Task requirements: Once you find the line in the listing below that contains "Some of the words", copy it and every following line exactly, stopping at the end.
+ + + +
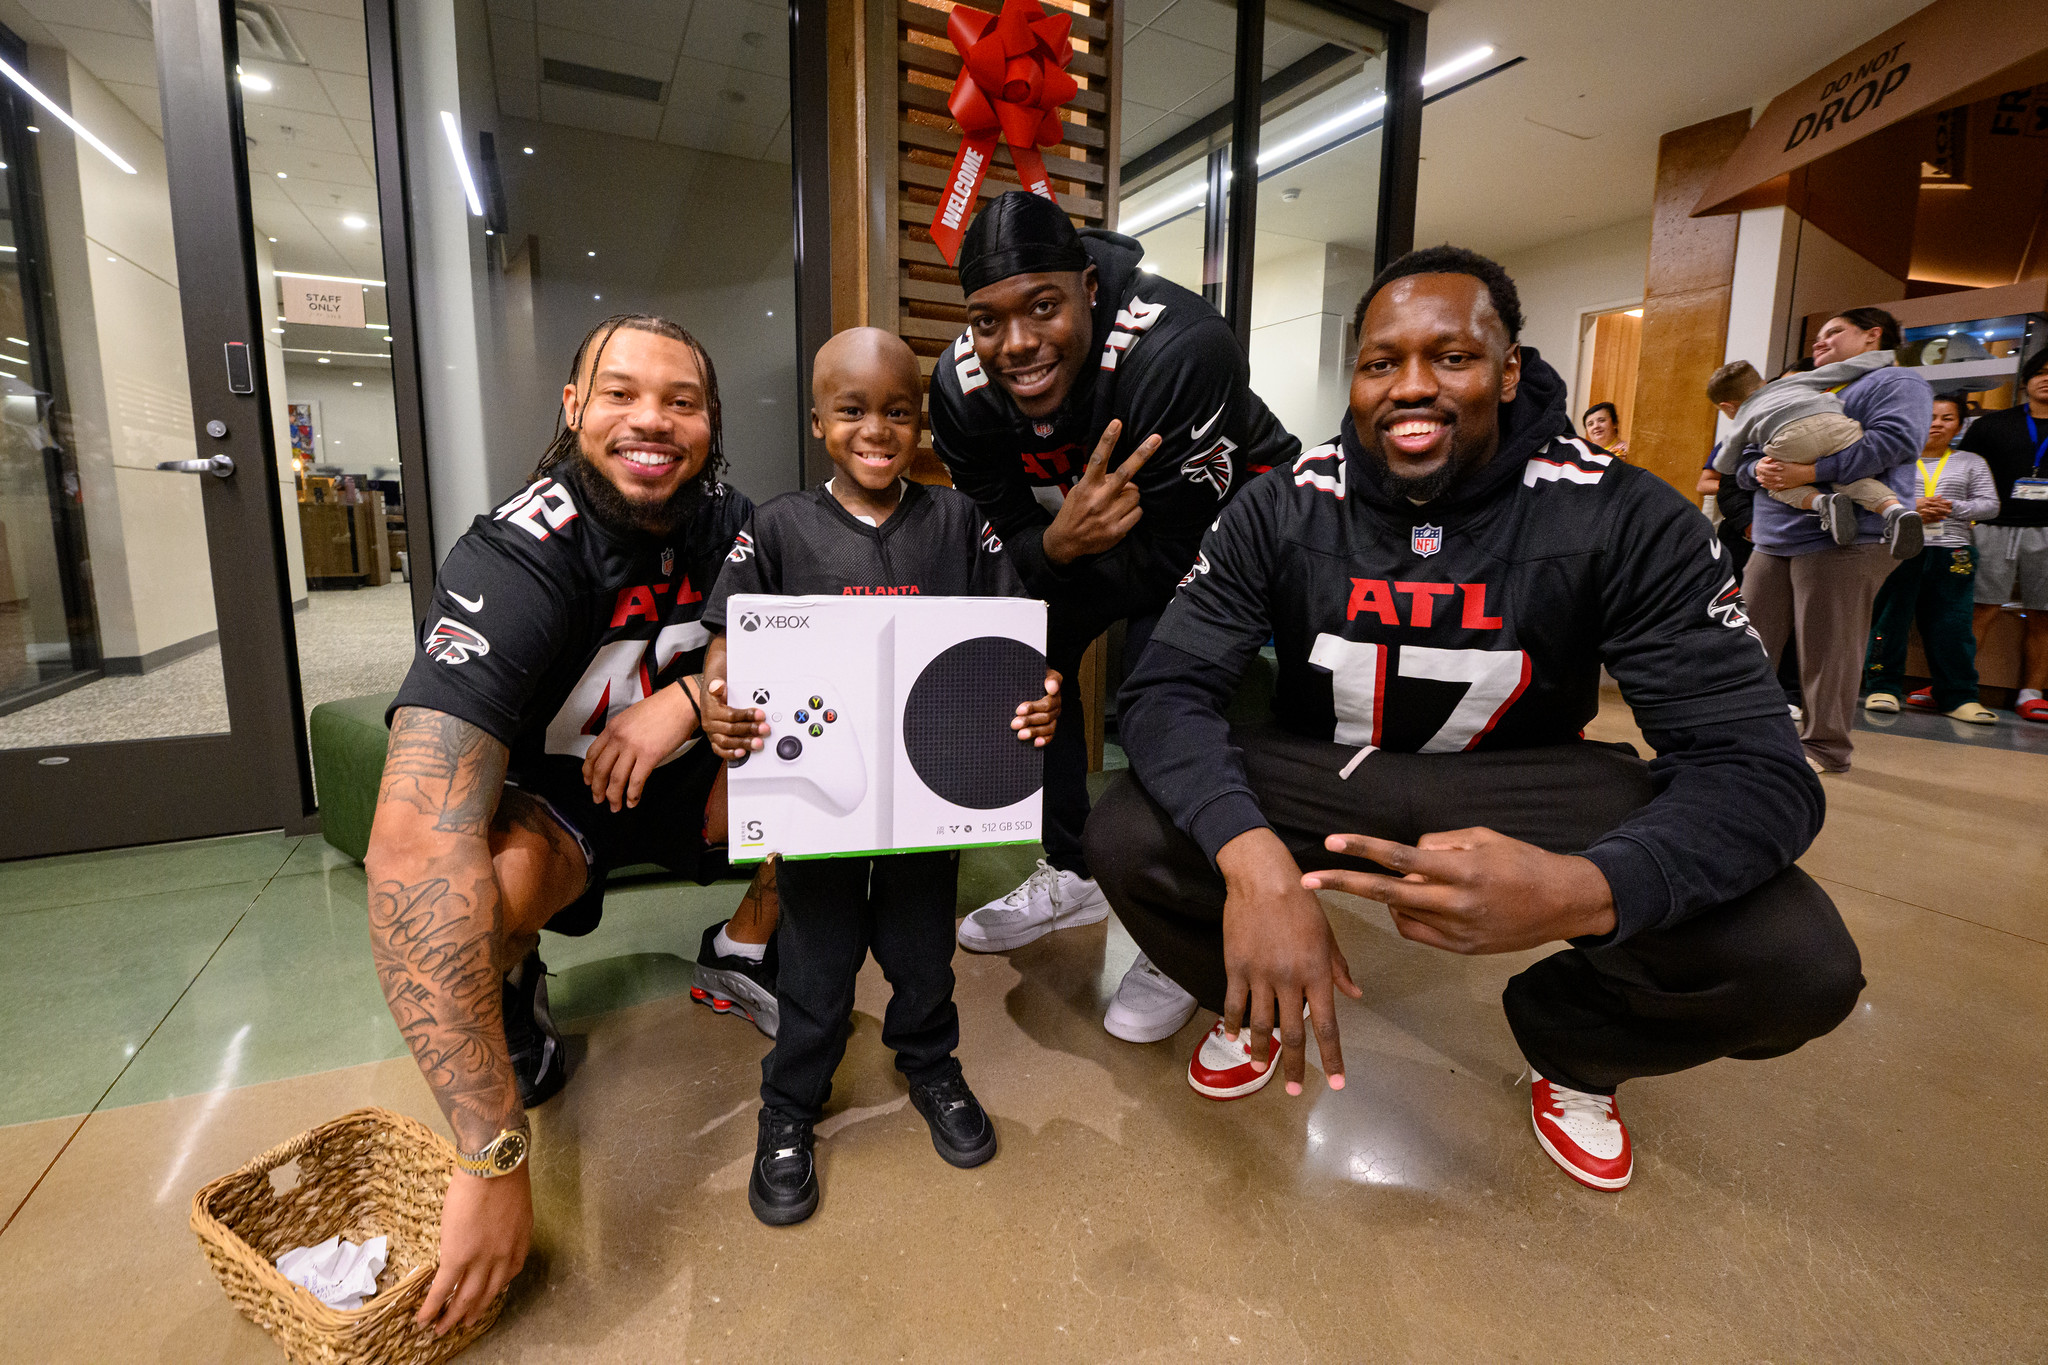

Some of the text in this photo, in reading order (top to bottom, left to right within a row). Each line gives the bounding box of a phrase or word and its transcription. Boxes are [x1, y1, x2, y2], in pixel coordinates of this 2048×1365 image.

[1820, 41, 1906, 101] DO NOT
[1783, 62, 1911, 153] DROP
[940, 146, 984, 231] WELCOME
[305, 293, 342, 303] STAFF
[308, 302, 341, 312] ONLY
[842, 585, 921, 596] ATLANTA
[1346, 577, 1503, 630] ATL
[764, 615, 810, 629] XBOX
[1307, 632, 1532, 754] 17
[746, 820, 764, 841] S
[981, 820, 1033, 833] 512 GB SSD
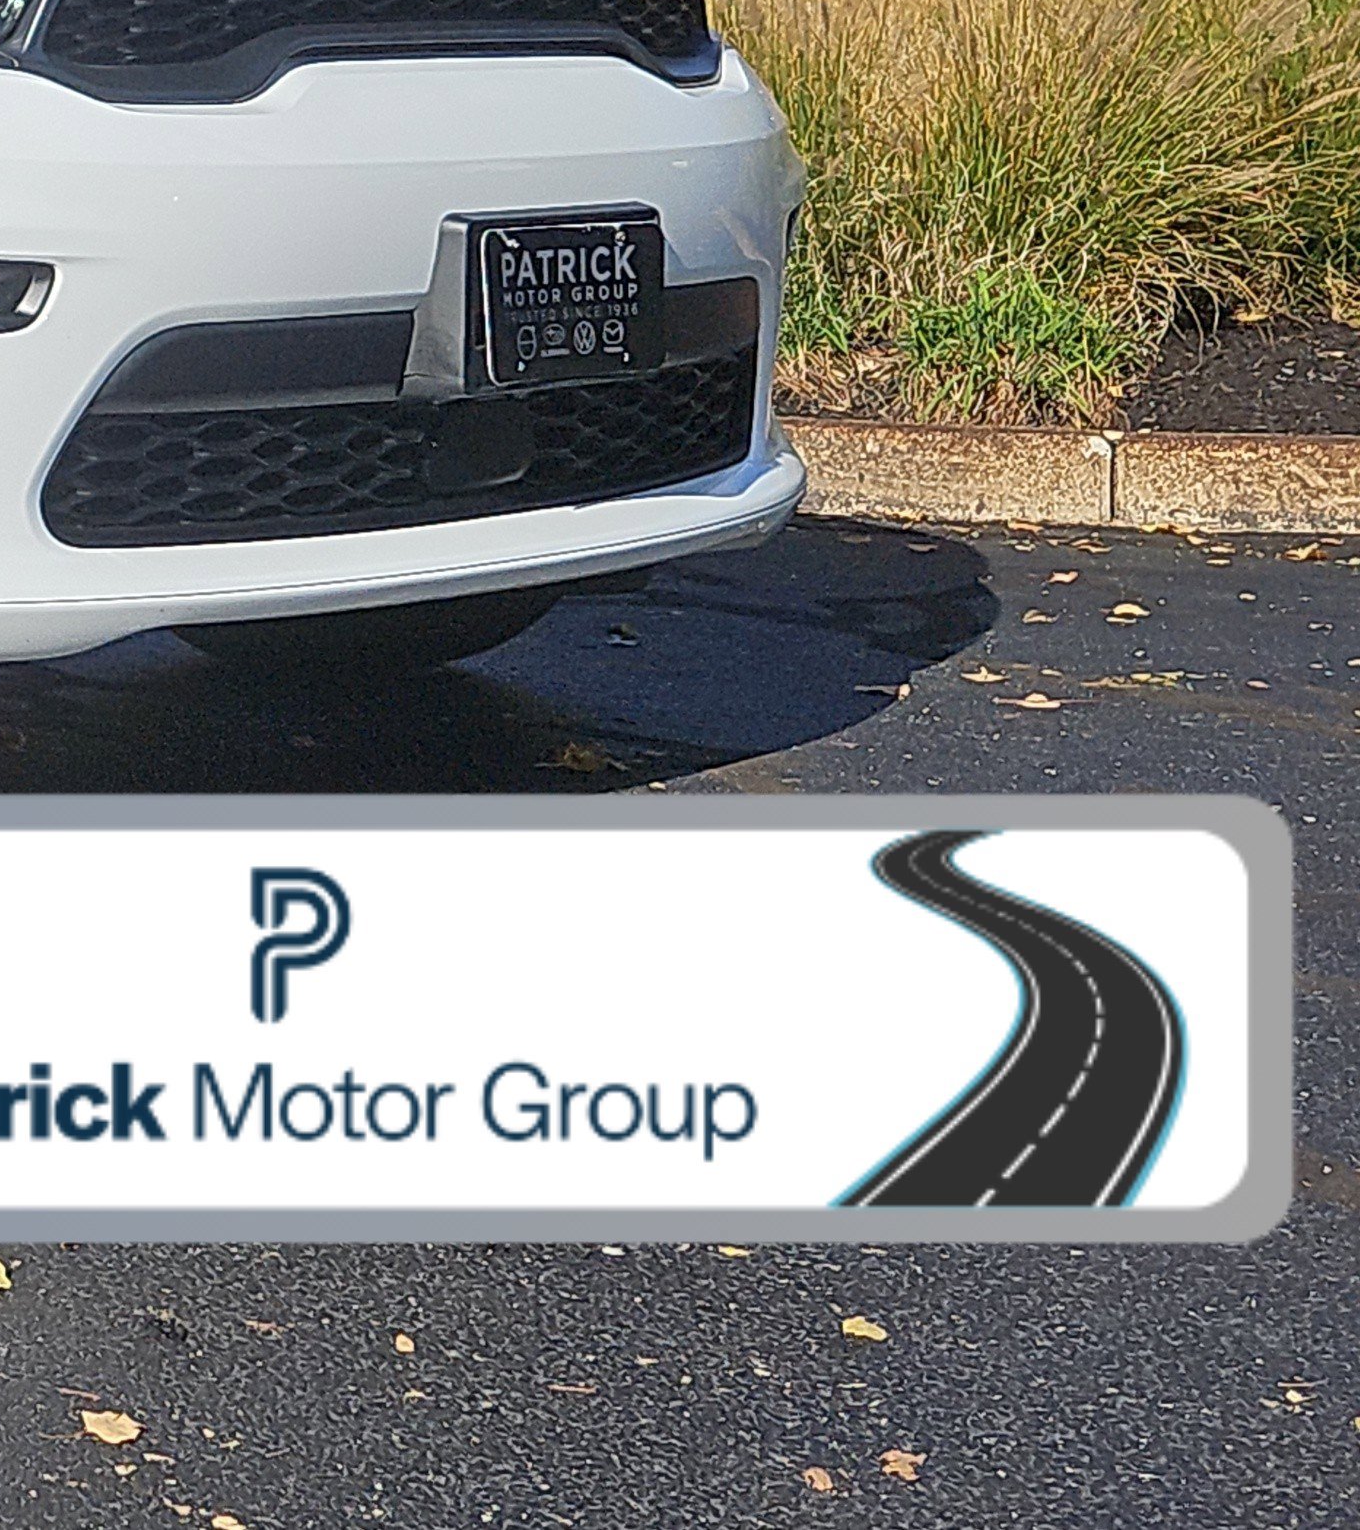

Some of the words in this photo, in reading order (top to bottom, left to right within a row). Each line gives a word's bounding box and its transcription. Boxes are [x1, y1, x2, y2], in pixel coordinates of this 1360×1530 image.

[500, 244, 637, 288] PATRICK
[502, 288, 562, 307] MOTOR
[571, 282, 638, 303] GROUP
+ + + +
Your response:
Some of the words in this photo, in reading order (top to bottom, left to right within a row). Each line gives a word's bounding box and its transcription. Boxes are [x1, y1, x2, y2], in pixel coordinates of this 1360×1530 image.

[500, 244, 637, 288] PATRICK
[502, 288, 562, 307] MOTOR
[571, 282, 638, 303] GROUP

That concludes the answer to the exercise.